海の街での、七つのストーリー。小学生や、高校生、女性や男性、親子や親友。彼らの近くには海があり、そして彼らは「海」である。
私は、海無し県に育ち、近くに海のある暮らしというのをしたことがない。けれども、いろんなところへ旅行へ行くと、そこには必ずと言っていいほど海があった。
道路沿いに海が見えてくると、「わぁ!海ー!」と叫んでしまうほどテンションがあがる。キラキラと太陽を反射して、それはそれは大きくて、平らに広がる海をしばし見つめてしまう。海風。
太平洋も日本海も、沖縄の海も、能登の海も、神戸の海も、訪れたそこには私たちがいた。
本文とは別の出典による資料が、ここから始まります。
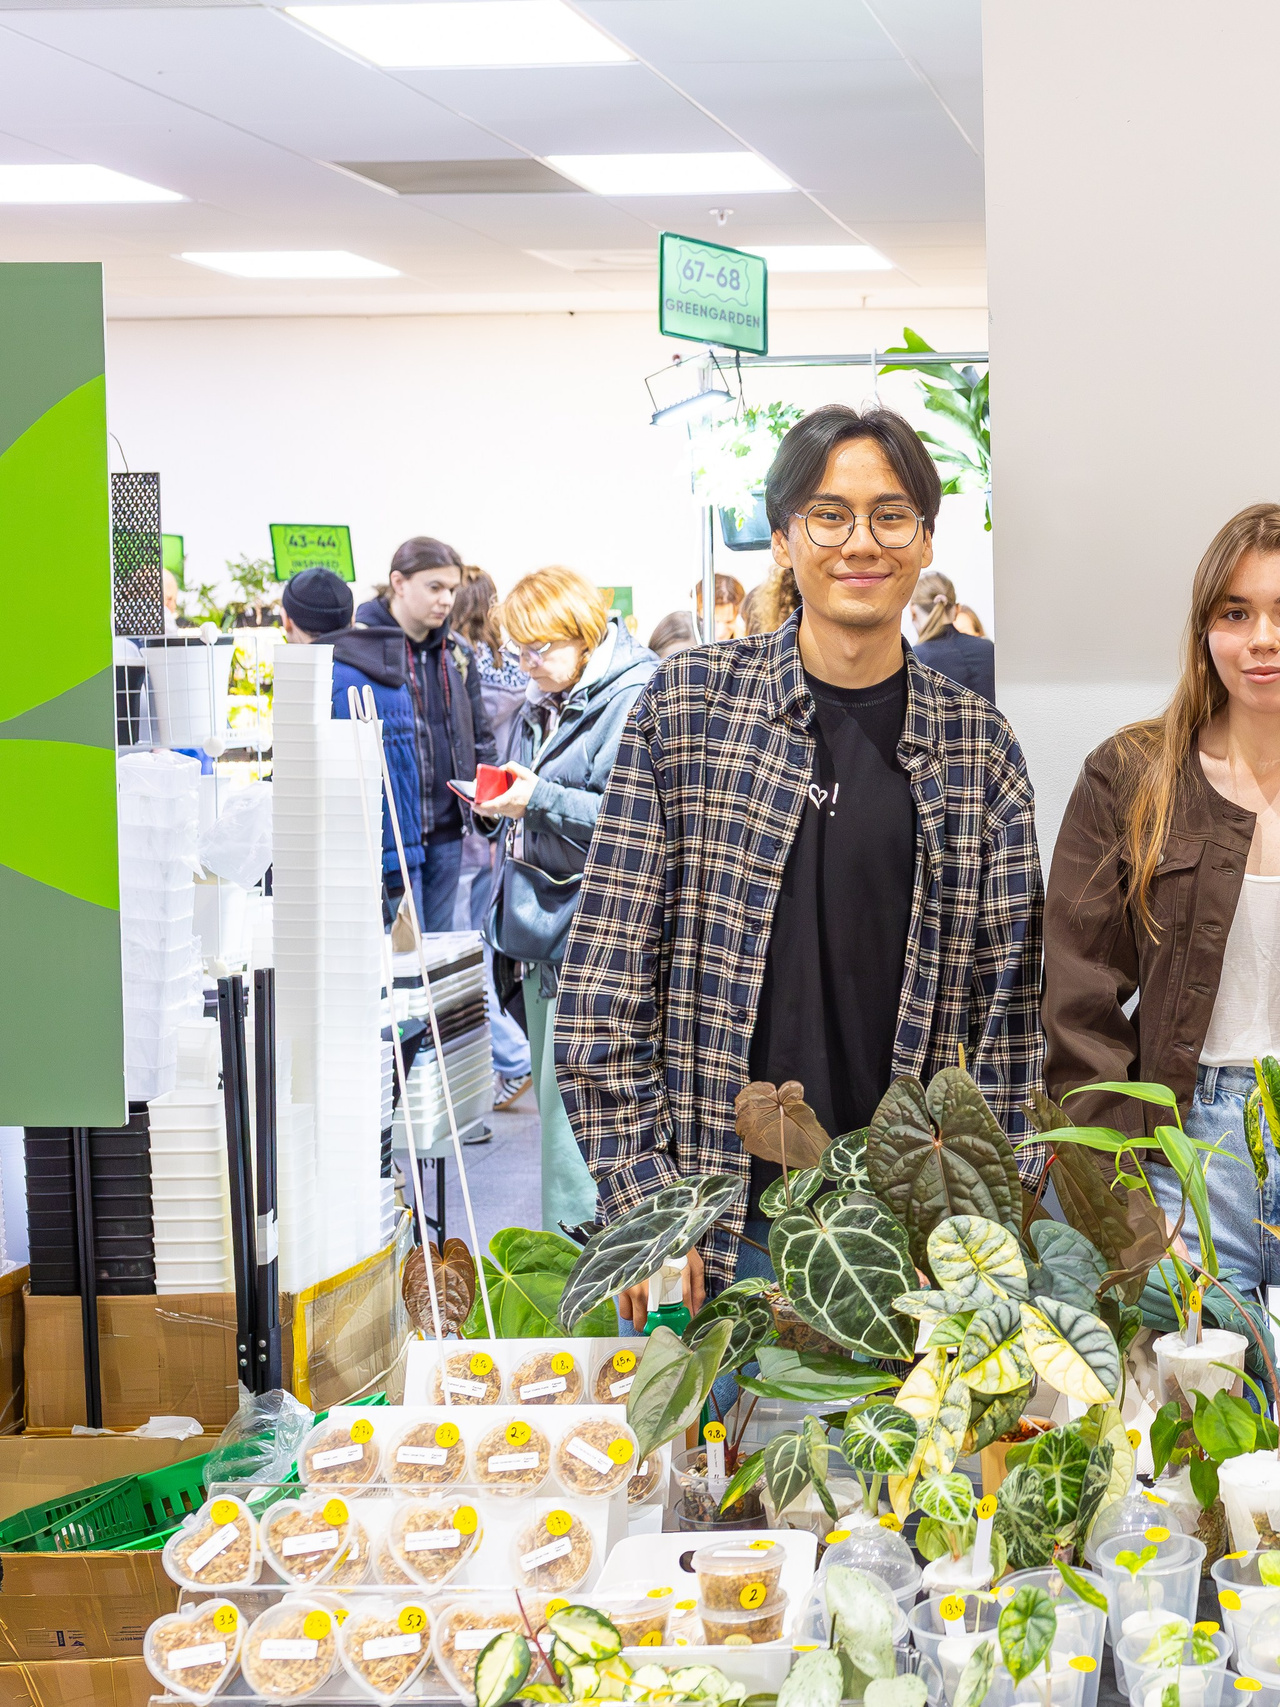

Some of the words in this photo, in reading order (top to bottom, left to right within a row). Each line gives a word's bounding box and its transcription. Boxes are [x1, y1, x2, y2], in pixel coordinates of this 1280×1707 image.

そんな自分の記憶の中の海を辿りながら、七つのストーリーのそれぞれを味わっていた。自転車をこいで太ももがパンパンな小学生になってみたり、先生目線で見てみたり。とくにパン屋を営む父親には、とても共感するところがあった。
自分が子育てをしながら、自分の親との関係を振り返って、そのわだかまりがゆっくり溶けるような感覚を描いていた。彼の妻がそれをふんわりと掬ってくれて、素敵な夫婦だと思った。さすがあの凪斗くんのパパとママだ(読んでいると自然とあの凪斗くんになるから面白い)。
「渦」を読んでいたらまた、あれ…この子って…と思った。あのよもや。そういう仕掛けが嬉しい。
少し前に、村山由佳さんの『ミルク・アンド・ハニー』を読んでいたからか、奈津さんと梓さんがダブって見える。自立した大人の女性が、水面下でバランスを崩してしまう危うさにヒリヒリするけれど、最後にはしなやかな人間味を感じてしまうような。
このところ、私自身がユラユラしていて、夜中にふいに目が覚めて得体の知れない不安におそわれたりしていた。これって更年期なんだろうか…とか思ったりしていたりしたけれど(そういうお年頃になってきているのだし)、最後の『鯨骨』を読んで、なんとなく腑におちたものがあった。
相手にとって自分は…とばかりを考えて自信をなくしたりしていたけれど、私が忘れなけば、それでいいって思えた。自分が大切に思っていれば。
海には行かなかったけれど、
海を見に行ったときのような、
「なんとなく、なんとかなる気がしてきた」
みたいな気持ちになれる本だった。